===== Data supplied
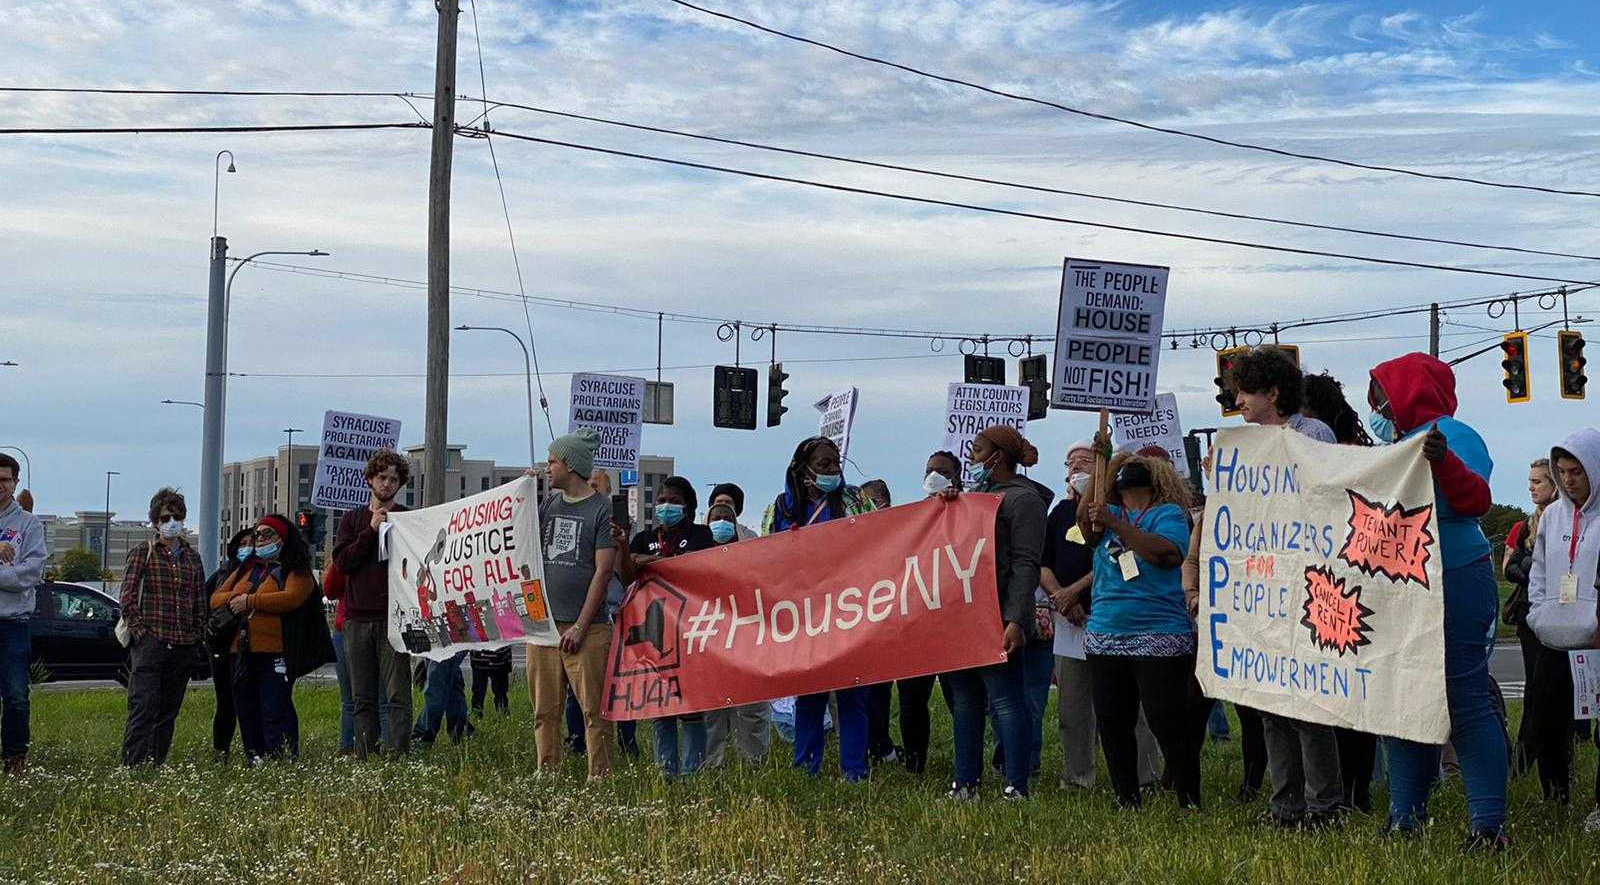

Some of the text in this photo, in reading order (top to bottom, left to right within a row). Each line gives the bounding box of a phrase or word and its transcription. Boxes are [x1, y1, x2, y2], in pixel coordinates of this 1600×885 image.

[1075, 270, 1158, 294] THE PEOPLE
[1085, 291, 1144, 311] DEMAND:
[1075, 308, 1151, 333] HOUSE
[1068, 340, 1150, 365] PEOPLE
[580, 379, 636, 396] SYRACUSE
[1063, 366, 1150, 397] NOT FISH!
[573, 394, 641, 410] PROLETARIANS
[954, 399, 1022, 413] LEGISLATORS
[955, 387, 1023, 401] ATTN COUNTY
[333, 415, 391, 435] SYRACUSE
[574, 408, 638, 424] AGAINST
[1115, 409, 1175, 428] PEOPLE'S
[324, 430, 396, 449] PROLETARIANS
[577, 423, 633, 437] PAYER-
[1126, 423, 1168, 440] NEEDS
[324, 444, 377, 461] AGAIN
[331, 475, 371, 489] FUNDE
[1215, 448, 1300, 496] HOUSIN
[317, 485, 372, 503] AQUARIU
[447, 496, 513, 535] HOUSING
[1214, 505, 1333, 559] ORGANIZERS
[445, 525, 516, 564] JUSTICE
[443, 556, 519, 594] FOR ALL
[1209, 556, 1287, 618] PEOPLE
[683, 538, 986, 655] #HouseNY
[1314, 582, 1345, 616] CANCEL
[1317, 604, 1353, 636] RENT!
[1210, 613, 1372, 700] EMPOWERMENT
[608, 675, 683, 712] HJ4A
==========
> _Brief_:
Where an entry holds an image, drop the image and copy the remaining text exactly.

> _Task result_:
Some of the text in this photo, in reading order (top to bottom, left to right within a row). Each line gives the bounding box of a phrase or word and its transcription. Boxes are [x1, y1, x2, y2], in pixel coordinates of this 1600×885 image.

[1075, 270, 1158, 294] THE PEOPLE
[1085, 291, 1144, 311] DEMAND:
[1075, 308, 1151, 333] HOUSE
[1068, 340, 1150, 365] PEOPLE
[580, 379, 636, 396] SYRACUSE
[1063, 366, 1150, 397] NOT FISH!
[573, 394, 641, 410] PROLETARIANS
[954, 399, 1022, 413] LEGISLATORS
[955, 387, 1023, 401] ATTN COUNTY
[333, 415, 391, 435] SYRACUSE
[574, 408, 638, 424] AGAINST
[1115, 409, 1175, 428] PEOPLE'S
[324, 430, 396, 449] PROLETARIANS
[577, 423, 633, 437] PAYER-
[1126, 423, 1168, 440] NEEDS
[324, 444, 377, 461] AGAIN
[331, 475, 371, 489] FUNDE
[1215, 448, 1300, 496] HOUSIN
[317, 485, 372, 503] AQUARIU
[447, 496, 513, 535] HOUSING
[1214, 505, 1333, 559] ORGANIZERS
[445, 525, 516, 564] JUSTICE
[443, 556, 519, 594] FOR ALL
[1209, 556, 1287, 618] PEOPLE
[683, 538, 986, 655] #HouseNY
[1314, 582, 1345, 616] CANCEL
[1317, 604, 1353, 636] RENT!
[1210, 613, 1372, 700] EMPOWERMENT
[608, 675, 683, 712] HJ4A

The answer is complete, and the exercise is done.